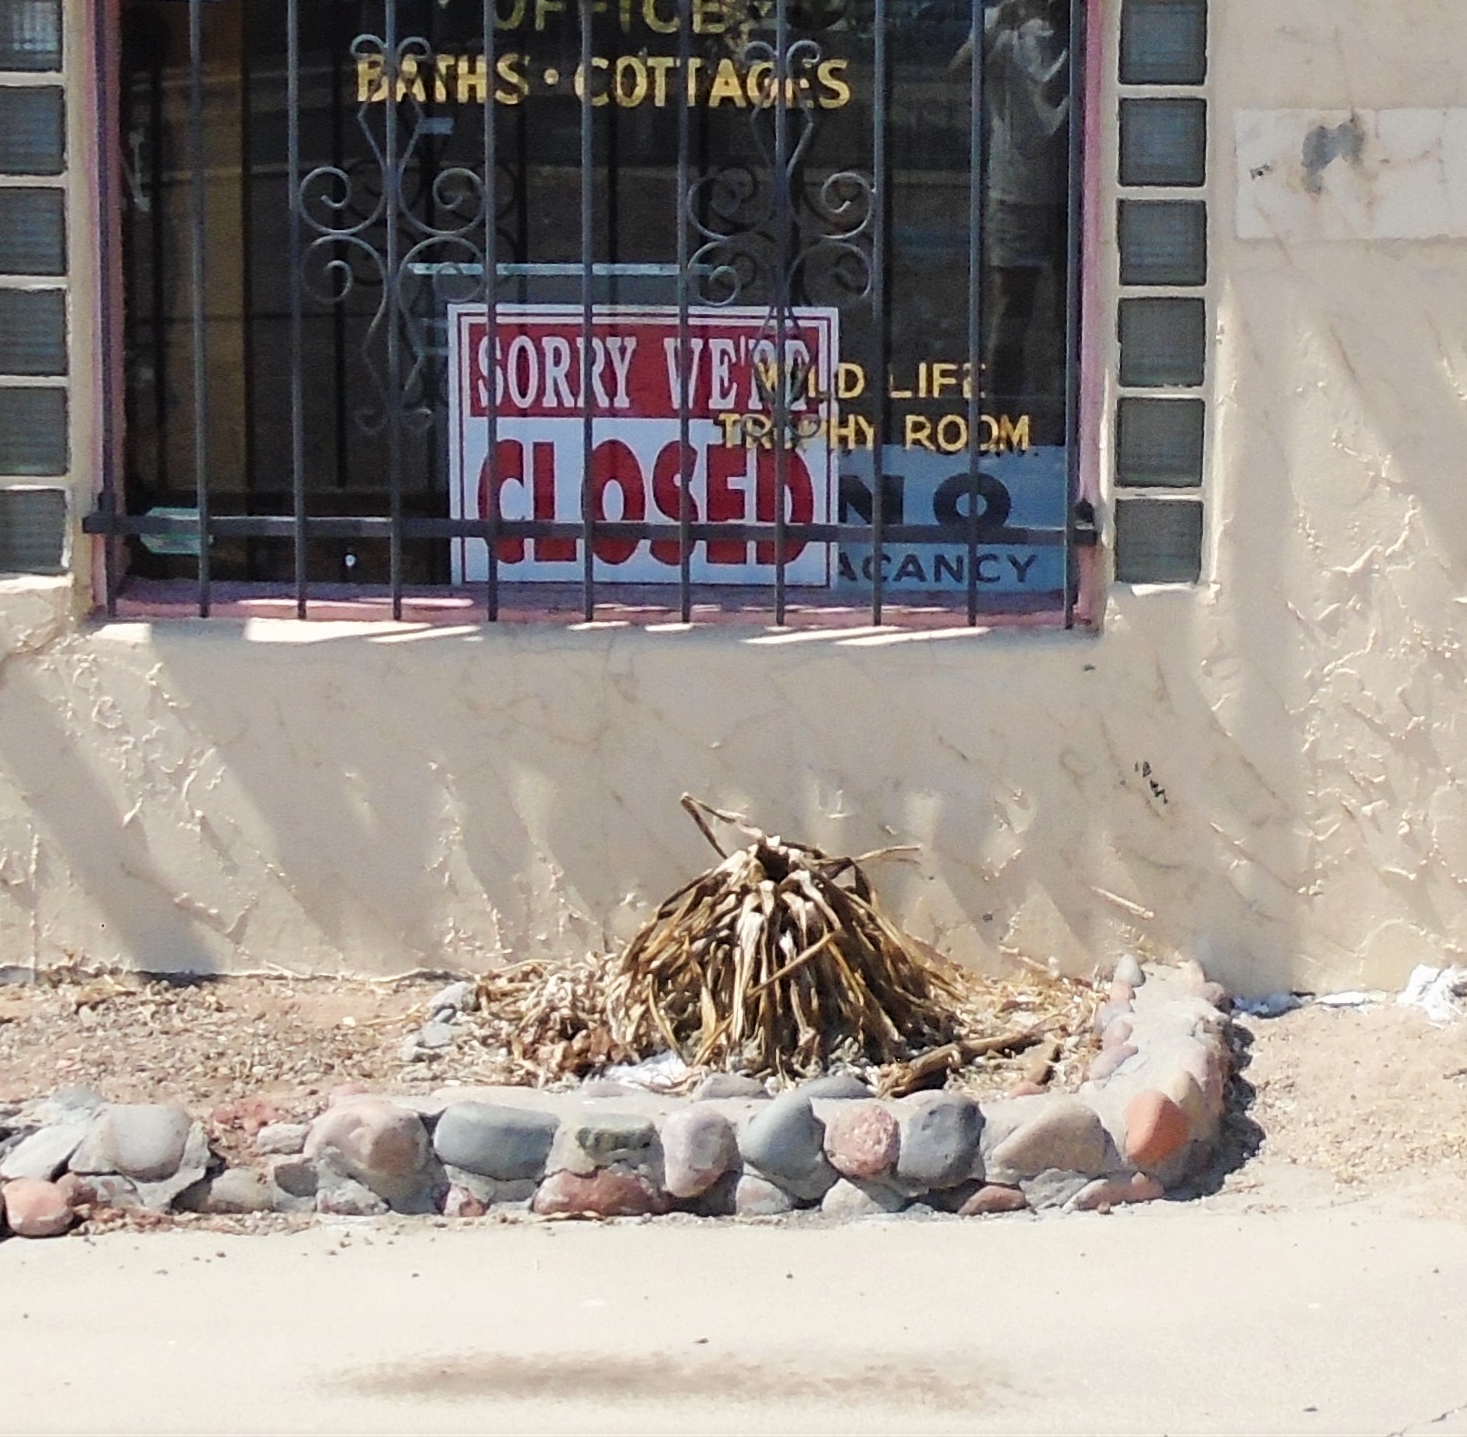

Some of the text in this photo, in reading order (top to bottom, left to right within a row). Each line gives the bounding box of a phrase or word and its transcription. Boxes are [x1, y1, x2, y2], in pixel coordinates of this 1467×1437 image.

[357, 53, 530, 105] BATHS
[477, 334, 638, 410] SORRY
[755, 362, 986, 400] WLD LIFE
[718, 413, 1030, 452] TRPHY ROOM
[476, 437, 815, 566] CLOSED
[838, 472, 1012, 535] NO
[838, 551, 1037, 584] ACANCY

## [Activity]
In the copy, include all records verbatim but no images.

## [Result for this task]
Some of the text in this photo, in reading order (top to bottom, left to right within a row). Each line gives the bounding box of a phrase or word and its transcription. Boxes are [x1, y1, x2, y2], in pixel coordinates of this 1467×1437 image.

[357, 53, 530, 105] BATHS
[477, 334, 638, 410] SORRY
[755, 362, 986, 400] WLD LIFE
[718, 413, 1030, 452] TRPHY ROOM
[476, 437, 815, 566] CLOSED
[838, 472, 1012, 535] NO
[838, 551, 1037, 584] ACANCY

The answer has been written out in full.